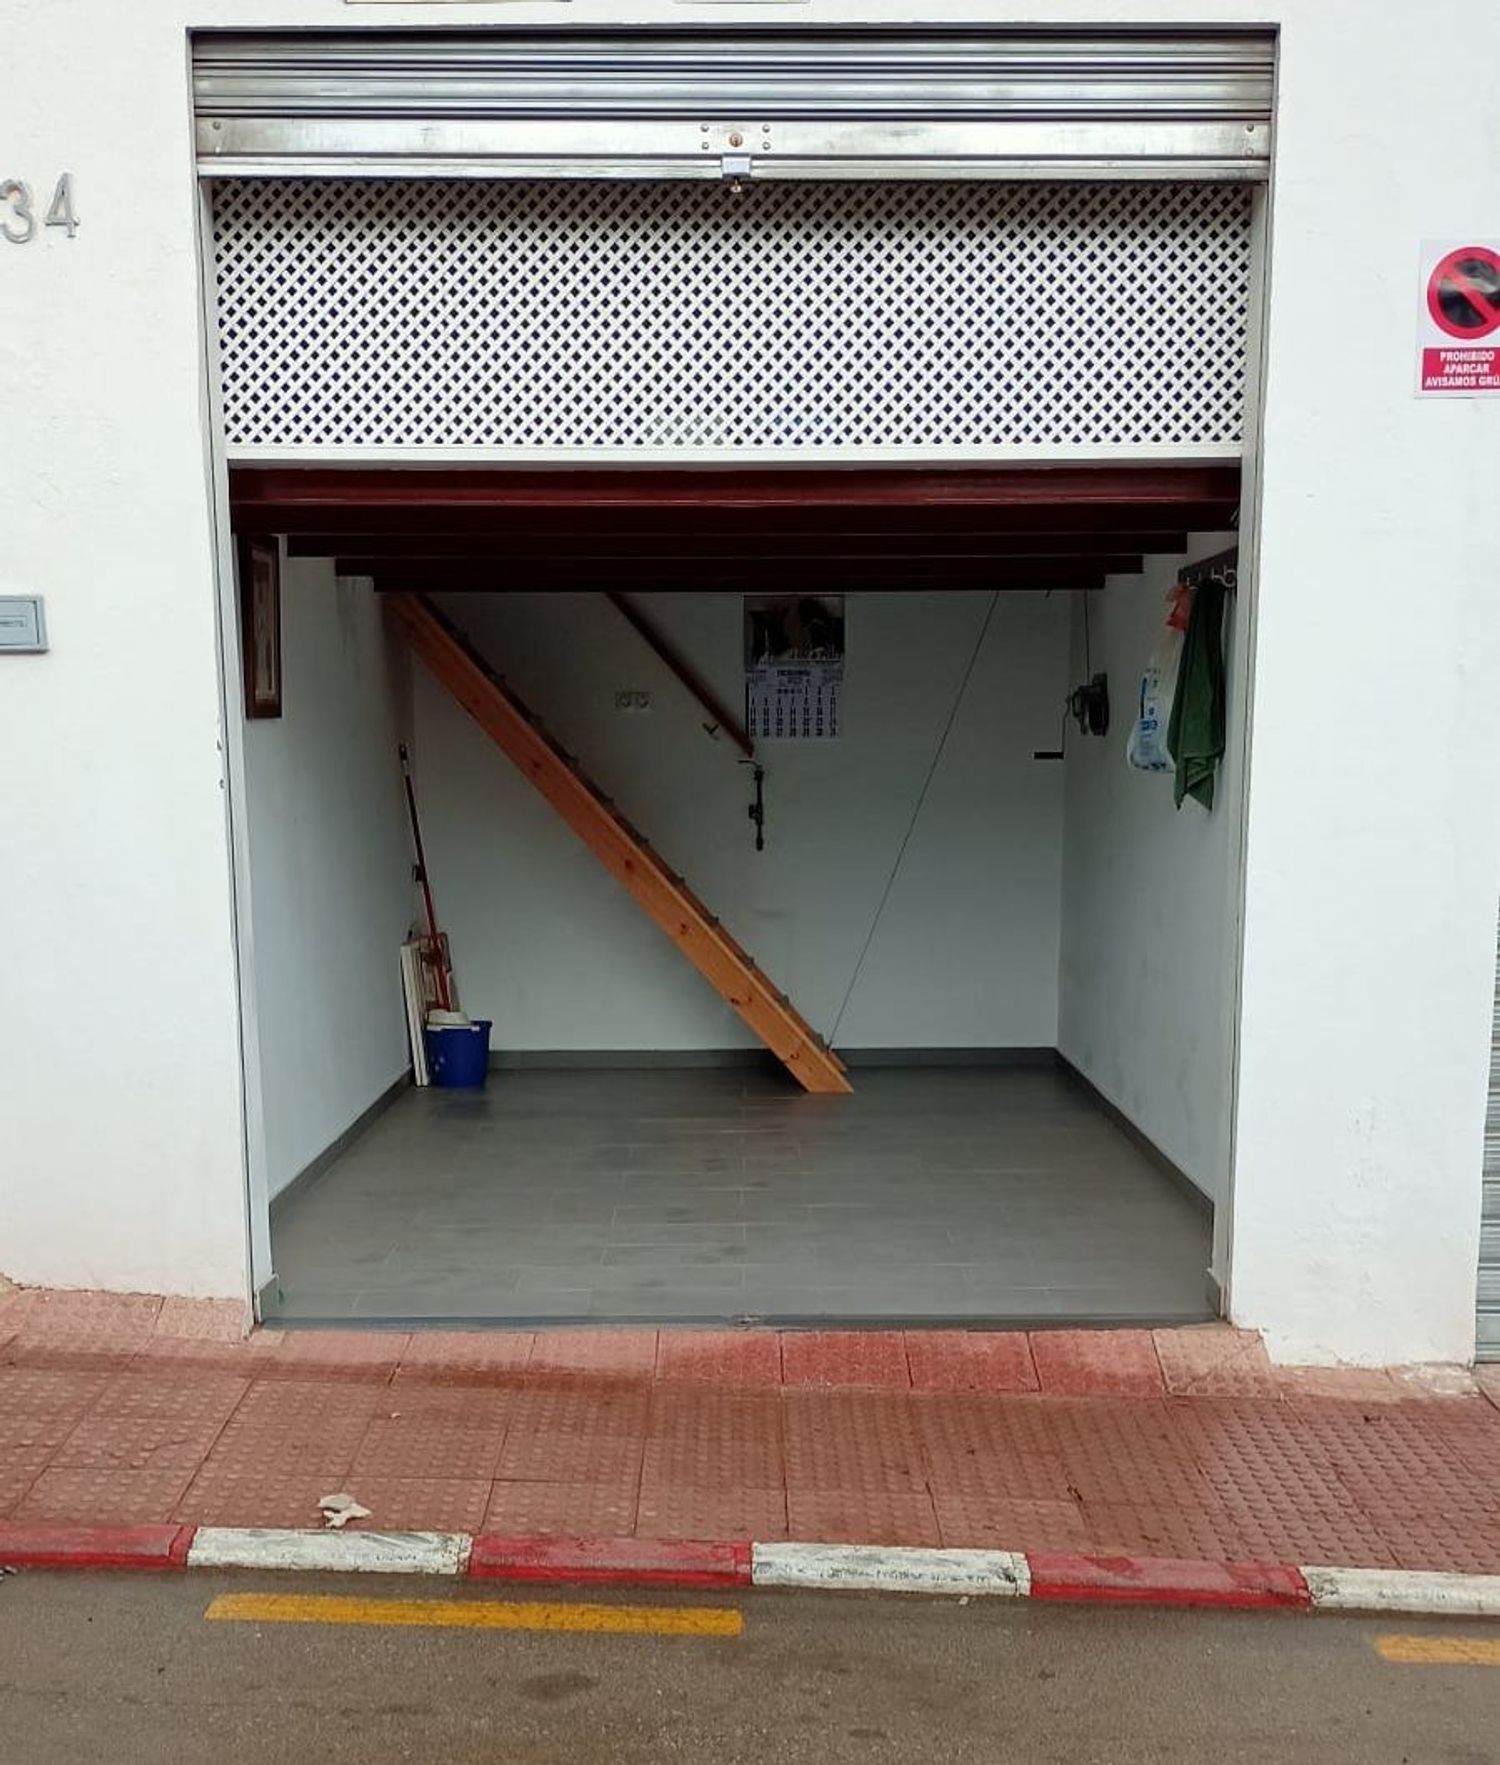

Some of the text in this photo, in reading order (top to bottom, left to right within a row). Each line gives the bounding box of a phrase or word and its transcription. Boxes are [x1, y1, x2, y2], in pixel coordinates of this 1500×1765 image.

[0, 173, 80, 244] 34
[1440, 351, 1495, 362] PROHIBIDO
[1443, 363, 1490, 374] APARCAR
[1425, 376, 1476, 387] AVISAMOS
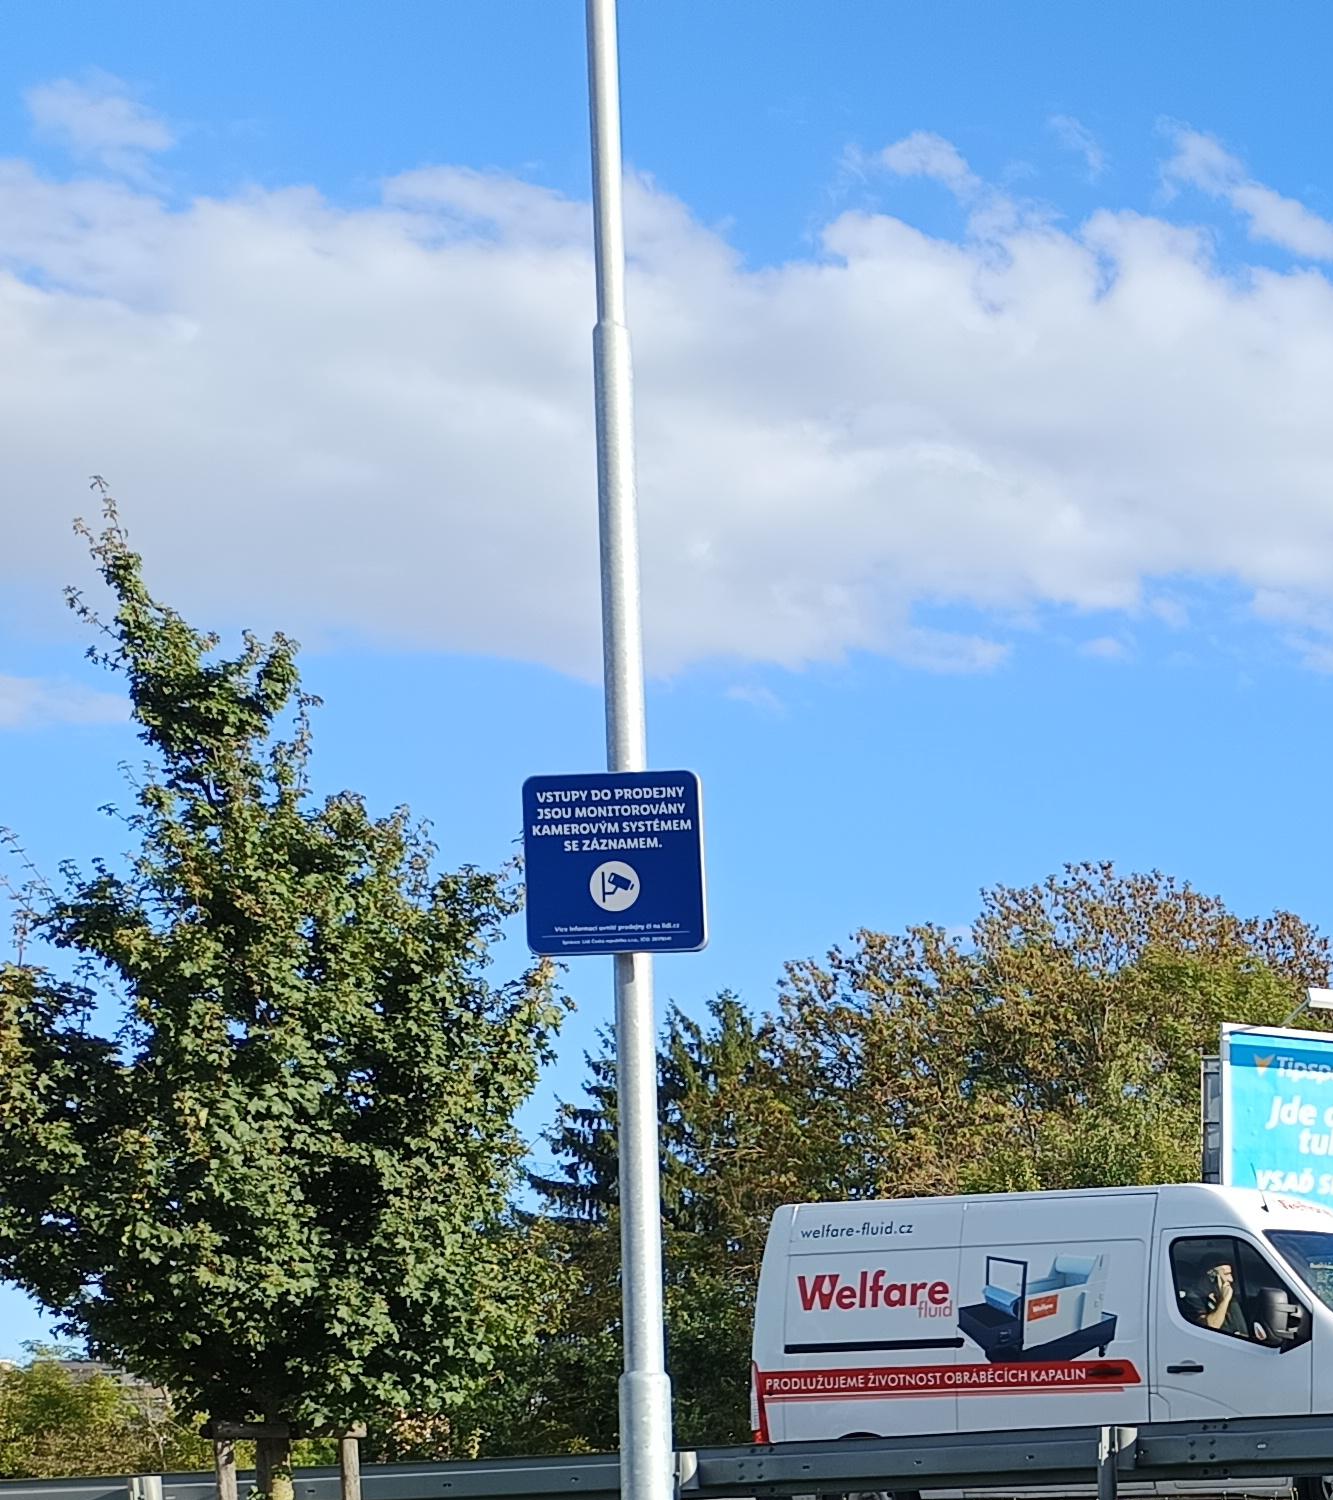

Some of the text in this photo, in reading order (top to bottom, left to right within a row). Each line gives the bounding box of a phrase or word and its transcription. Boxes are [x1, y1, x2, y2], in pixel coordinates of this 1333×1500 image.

========

Only the text of the material belongs in your copy, which must match the original exactly.

Some of the text in this photo, in reading order (top to bottom, left to right within a row). Each line gives the bounding box of a phrase or word and its transcription. Boxes are [x1, y1, x2, y2], in pixel coordinates of this 1500×1765 image.

[0, 173, 80, 244] 34
[1440, 351, 1495, 362] PROHIBIDO
[1443, 363, 1490, 374] APARCAR
[1425, 376, 1476, 387] AVISAMOS

Some of the text in this photo, in reading order (top to bottom, left to right within a row). Each line gives the bounding box of a phrase or word and its transcription. Boxes are [x1, y1, x2, y2], in pixel coordinates of this 1333×1500 image.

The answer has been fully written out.